Early prediction of anastomotic leakage after rectal cancer surgery: Onodera prognostic nutritional index combined with inflammation-related biomarkers.
Background: Anastomotic leakage (AL) is a serious complication following rectal cancer surgery and is associated with increased recurrence, mortality, extended hospital stays, and delayed chemotherapy. The Onodera prognostic nutritional index (OPNI) and inflammation-related biomarkers, such as the neutrophil-lymphocyte ratio (NLR) and platelet-to-lymphocyte ratio (PLR), have been studied in the context of cancer prognosis, but their combined efficacy in predicting AL remains unclear.
Aim: To investigate the relationships between AL and these markers and developed a predictive model for AL.
Methods: A retrospective cohort study analyzed the outcomes of 434 patients who had undergone surgery for rectal cancer at a tertiary cancer center from 2016 to 2023. The patients were divided into two groups on the basis of the occurrence of AL: One group consisted of patients who experienced AL (n = 49), and the other group did not (n = 385). The investigation applied logistic regression to develop a risk prediction model utilizing clinical, pathological, and laboratory data. The efficacy of this model was then evaluated through receiver operating characteristic curve analysis.

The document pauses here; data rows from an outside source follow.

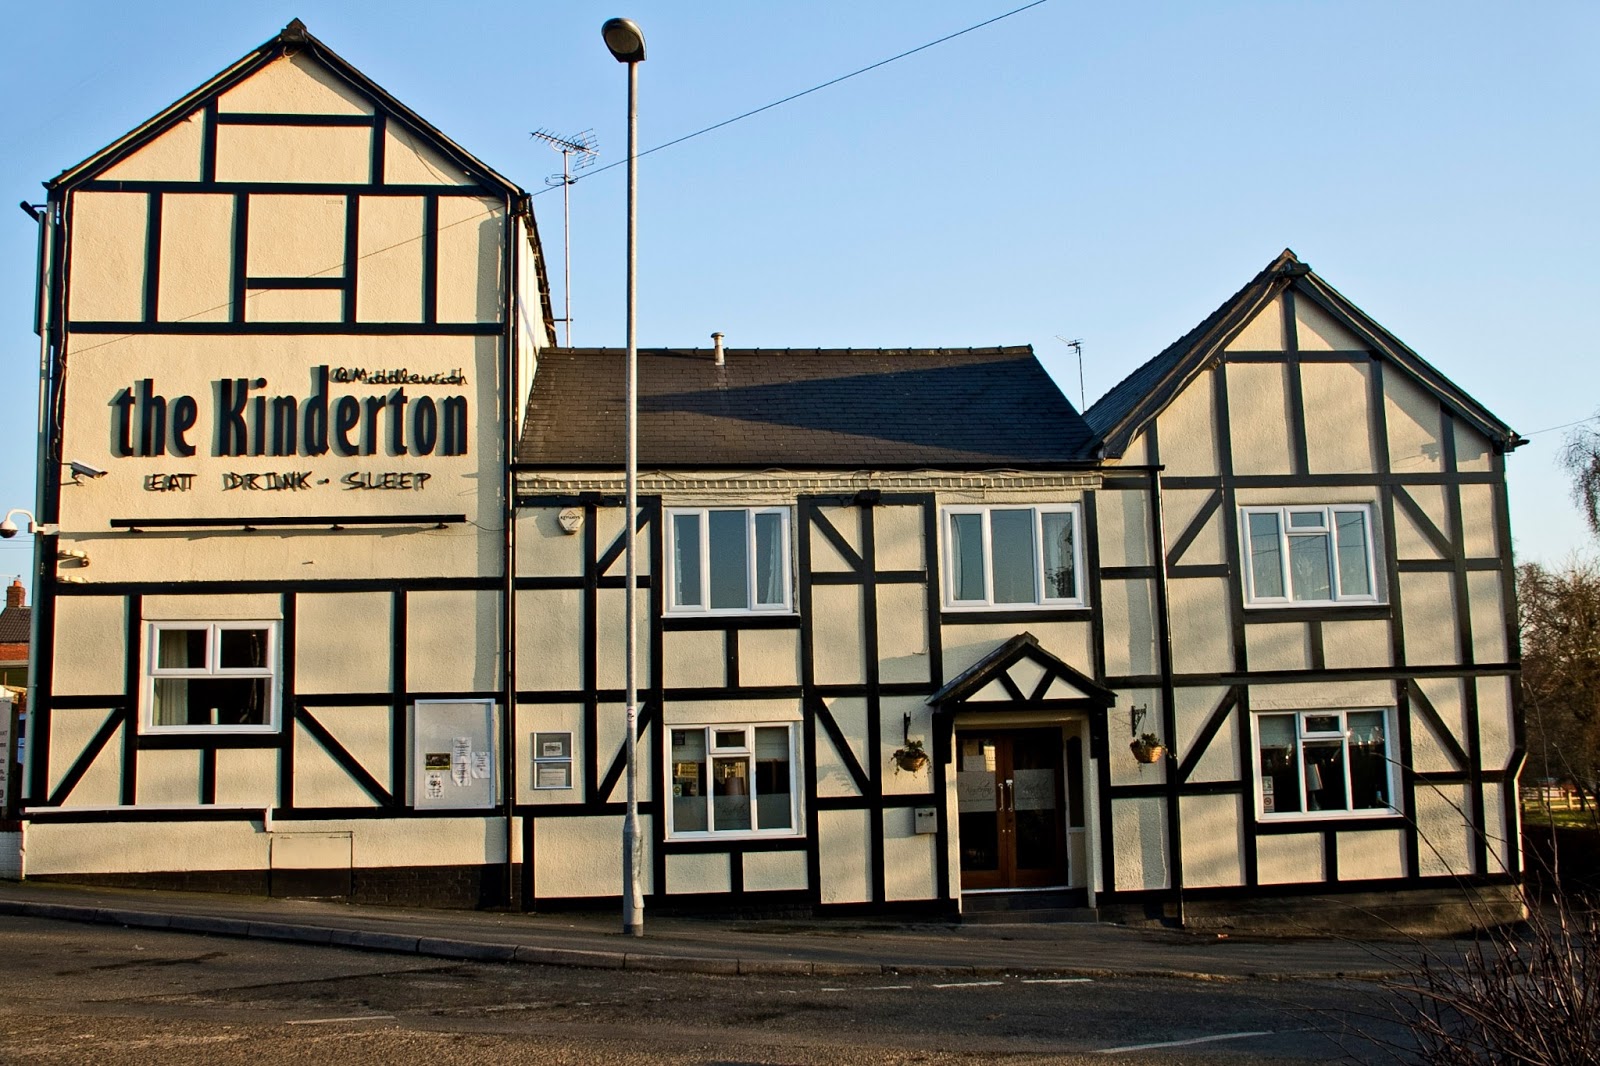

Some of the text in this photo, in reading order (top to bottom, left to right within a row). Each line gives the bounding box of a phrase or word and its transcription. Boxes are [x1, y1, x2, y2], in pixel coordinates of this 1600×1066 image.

[114, 364, 468, 457] the Kinderton
[151, 471, 432, 491] EAT DRINK SLEEP
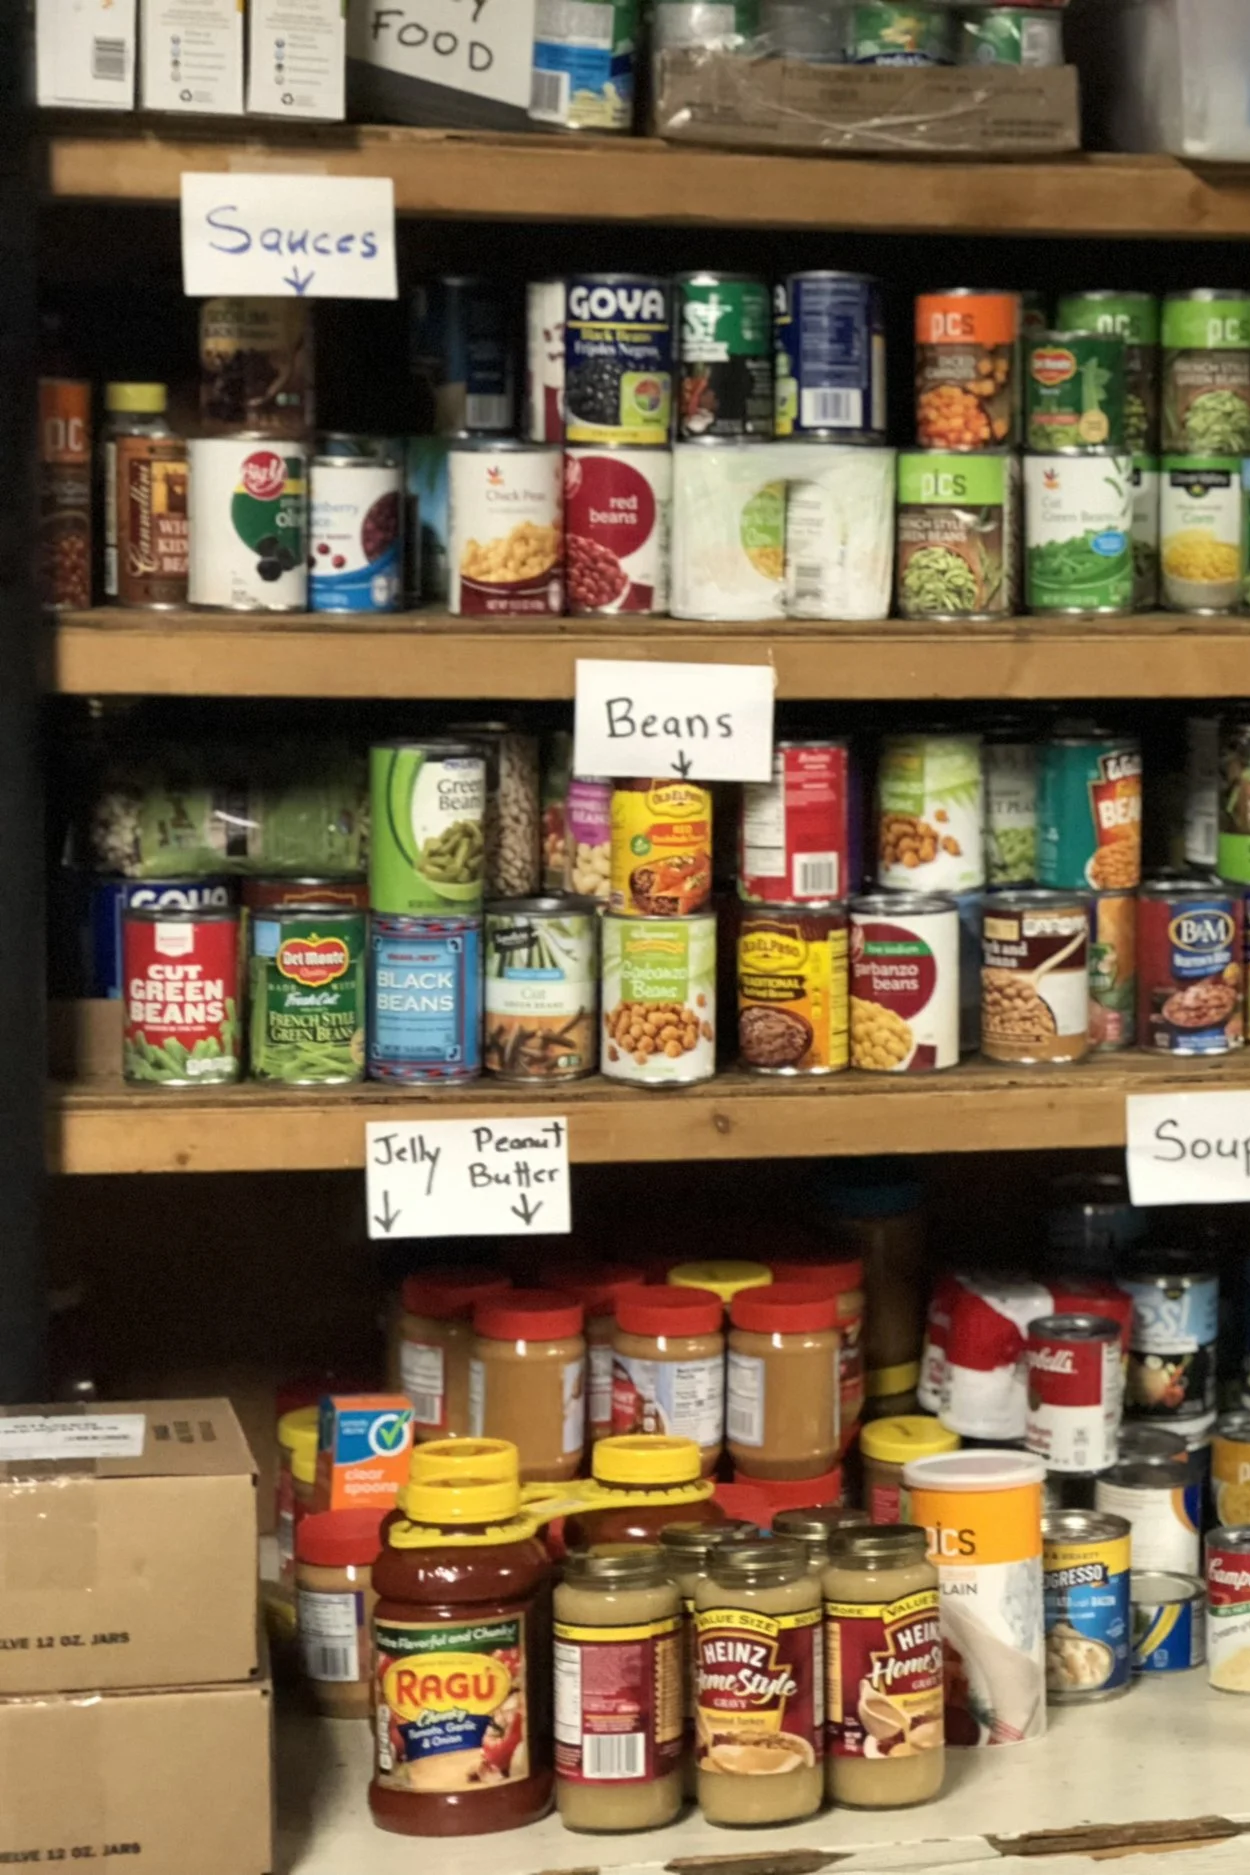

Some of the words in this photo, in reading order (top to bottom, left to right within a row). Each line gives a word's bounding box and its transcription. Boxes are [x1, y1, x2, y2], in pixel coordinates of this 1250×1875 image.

[371, 10, 493, 71] FOOD
[205, 205, 378, 257] Sauces
[568, 285, 666, 321] GOYA
[609, 496, 638, 510] red
[589, 508, 638, 525] beans
[605, 696, 733, 739] Beans
[282, 950, 303, 966] Del
[303, 950, 346, 966] Monte
[147, 965, 203, 980] CUT
[377, 969, 454, 989] BLACK
[854, 962, 919, 979] garbanzo
[130, 979, 223, 1001] GREEN
[872, 976, 919, 990] beans
[130, 1001, 224, 1024] BEANS
[377, 994, 454, 1013] BEANS
[269, 1011, 320, 1028] FRENCH
[270, 1027, 315, 1043] GREEN
[472, 1121, 565, 1152] Peanut
[374, 1133, 441, 1196] Jelly
[468, 1161, 559, 1188] Butter
[344, 1468, 385, 1481] clear
[343, 1480, 400, 1498] spoons
[940, 1582, 977, 1596] LAIN
[887, 1595, 930, 1617] VALUE
[738, 1613, 776, 1633] SIZE
[36, 1636, 56, 1650] 12
[60, 1634, 86, 1649] OZ.
[90, 1631, 131, 1647] JARS
[448, 1630, 473, 1643] and
[703, 1640, 768, 1668] HEINZ
[713, 1698, 748, 1710] GRAVY
[46, 1847, 65, 1861] 12
[102, 1842, 142, 1857] JARS

Results: In the present study, 11.28% of the participants (49 out of 434 participants) suffered from AL. Multivariate analysis revealed that preoperative levels of the OPNI, NLR, and PLR emerged as independent risk factors for AL, with odds ratios of 0.705 (95%CI: 0.641-0.775, P = 0.012), 1.628 (95%CI: 1.221-2.172, P = 0.024), and 0.994 (95%CI: 0.989-0.999, P = 0.031), respectively. These findings suggest that these biomarkers could effectively predict AL risk. Furthermore, the proposed predictive model has superior discriminative ability, as demonstrated by an area under the curve of 0.910, a sensitivity of 0.898, and a specificity of 0.826, reflecting its high level of accuracy.
Conclusion: The risk of AL in rectal cancer surgery patients can be effectively predicted by assessing the preoperative levels of serum nutritional biomarkers and inflammatory indicators, emphasizing their importance in the preoperative evaluation process.